Exercise aim ▸ Could you output the entries that follow exactly, omitting any pictures they contain?

----- Records provided -----

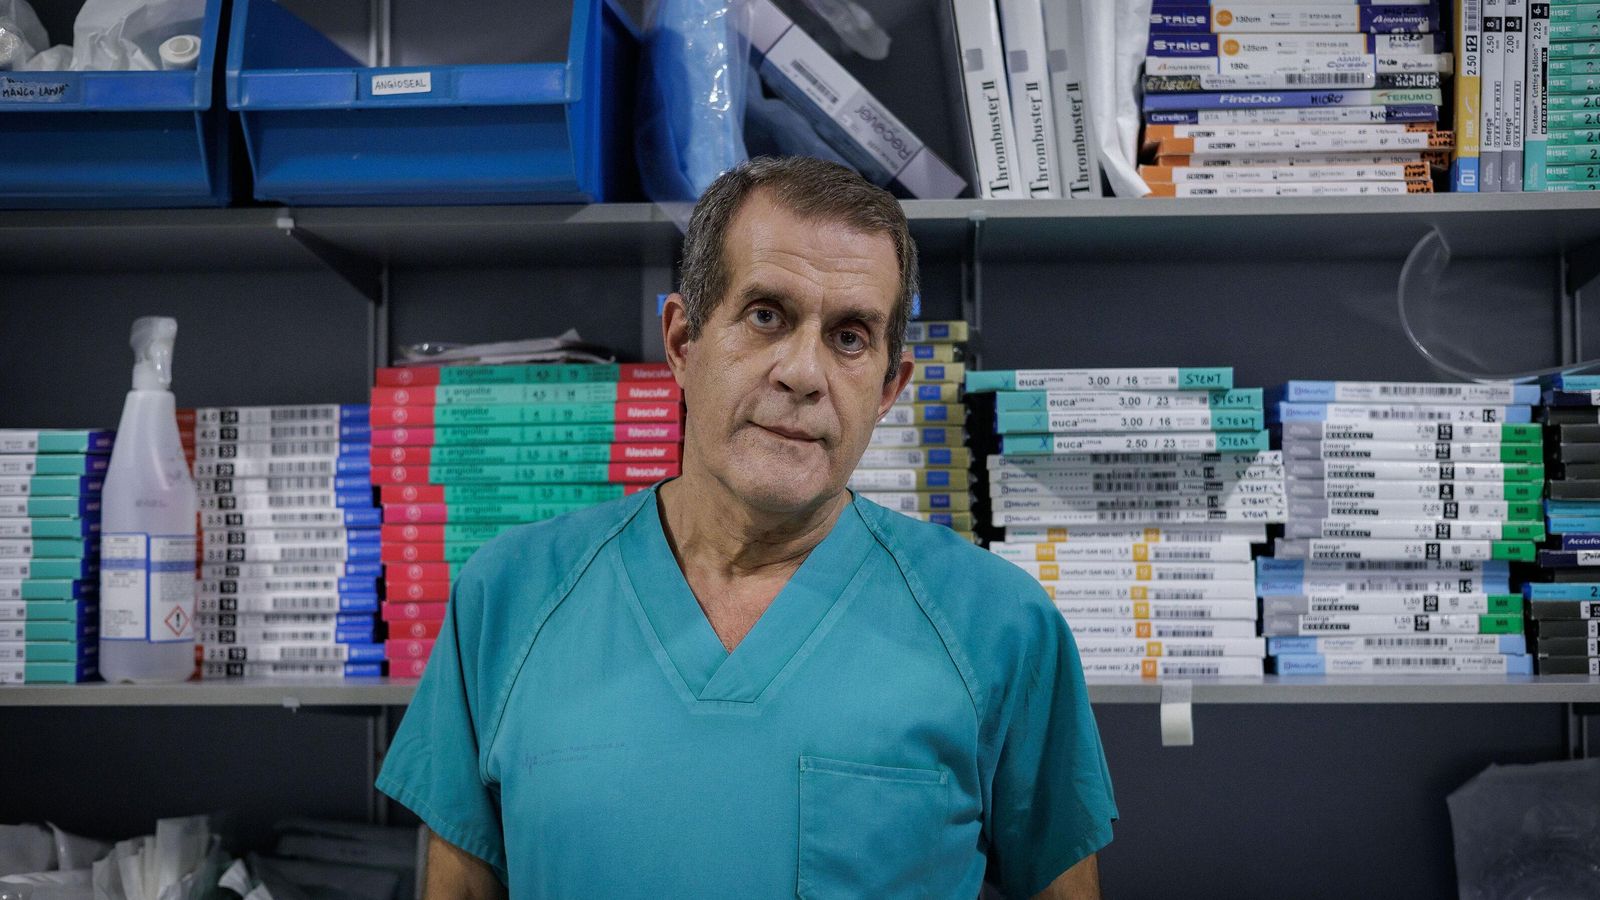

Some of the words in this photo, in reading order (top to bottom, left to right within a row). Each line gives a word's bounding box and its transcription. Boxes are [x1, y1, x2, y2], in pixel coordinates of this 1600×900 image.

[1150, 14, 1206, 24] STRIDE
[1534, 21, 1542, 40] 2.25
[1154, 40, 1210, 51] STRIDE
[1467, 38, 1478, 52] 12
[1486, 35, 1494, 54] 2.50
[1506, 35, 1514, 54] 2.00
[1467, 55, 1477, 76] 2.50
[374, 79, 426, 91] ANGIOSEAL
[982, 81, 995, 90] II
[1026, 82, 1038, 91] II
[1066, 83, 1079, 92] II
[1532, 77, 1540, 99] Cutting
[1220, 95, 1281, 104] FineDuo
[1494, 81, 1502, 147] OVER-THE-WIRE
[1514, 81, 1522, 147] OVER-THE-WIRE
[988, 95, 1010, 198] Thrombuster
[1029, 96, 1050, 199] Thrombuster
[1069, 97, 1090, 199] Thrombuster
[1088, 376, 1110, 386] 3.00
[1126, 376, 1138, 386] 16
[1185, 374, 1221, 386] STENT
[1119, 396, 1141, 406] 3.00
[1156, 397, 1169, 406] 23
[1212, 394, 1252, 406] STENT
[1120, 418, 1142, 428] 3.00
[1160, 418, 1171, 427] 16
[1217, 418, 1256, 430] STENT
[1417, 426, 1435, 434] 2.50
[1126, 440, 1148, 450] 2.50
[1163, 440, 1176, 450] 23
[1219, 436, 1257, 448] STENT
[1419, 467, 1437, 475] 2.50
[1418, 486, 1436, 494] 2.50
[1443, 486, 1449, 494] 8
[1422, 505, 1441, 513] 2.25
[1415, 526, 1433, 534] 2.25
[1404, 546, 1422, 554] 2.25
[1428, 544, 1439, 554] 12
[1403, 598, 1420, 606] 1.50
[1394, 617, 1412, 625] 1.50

-----

Response ▸
Some of the words in this photo, in reading order (top to bottom, left to right within a row). Each line gives a word's bounding box and its transcription. Boxes are [x1, y1, x2, y2], in pixel coordinates of this 1600×900 image.

[1150, 14, 1206, 24] STRIDE
[1534, 21, 1542, 40] 2.25
[1154, 40, 1210, 51] STRIDE
[1467, 38, 1478, 52] 12
[1486, 35, 1494, 54] 2.50
[1506, 35, 1514, 54] 2.00
[1467, 55, 1477, 76] 2.50
[374, 79, 426, 91] ANGIOSEAL
[982, 81, 995, 90] II
[1026, 82, 1038, 91] II
[1066, 83, 1079, 92] II
[1532, 77, 1540, 99] Cutting
[1220, 95, 1281, 104] FineDuo
[1494, 81, 1502, 147] OVER-THE-WIRE
[1514, 81, 1522, 147] OVER-THE-WIRE
[988, 95, 1010, 198] Thrombuster
[1029, 96, 1050, 199] Thrombuster
[1069, 97, 1090, 199] Thrombuster
[1088, 376, 1110, 386] 3.00
[1126, 376, 1138, 386] 16
[1185, 374, 1221, 386] STENT
[1119, 396, 1141, 406] 3.00
[1156, 397, 1169, 406] 23
[1212, 394, 1252, 406] STENT
[1120, 418, 1142, 428] 3.00
[1160, 418, 1171, 427] 16
[1217, 418, 1256, 430] STENT
[1417, 426, 1435, 434] 2.50
[1126, 440, 1148, 450] 2.50
[1163, 440, 1176, 450] 23
[1219, 436, 1257, 448] STENT
[1419, 467, 1437, 475] 2.50
[1418, 486, 1436, 494] 2.50
[1443, 486, 1449, 494] 8
[1422, 505, 1441, 513] 2.25
[1415, 526, 1433, 534] 2.25
[1404, 546, 1422, 554] 2.25
[1428, 544, 1439, 554] 12
[1403, 598, 1420, 606] 1.50
[1394, 617, 1412, 625] 1.50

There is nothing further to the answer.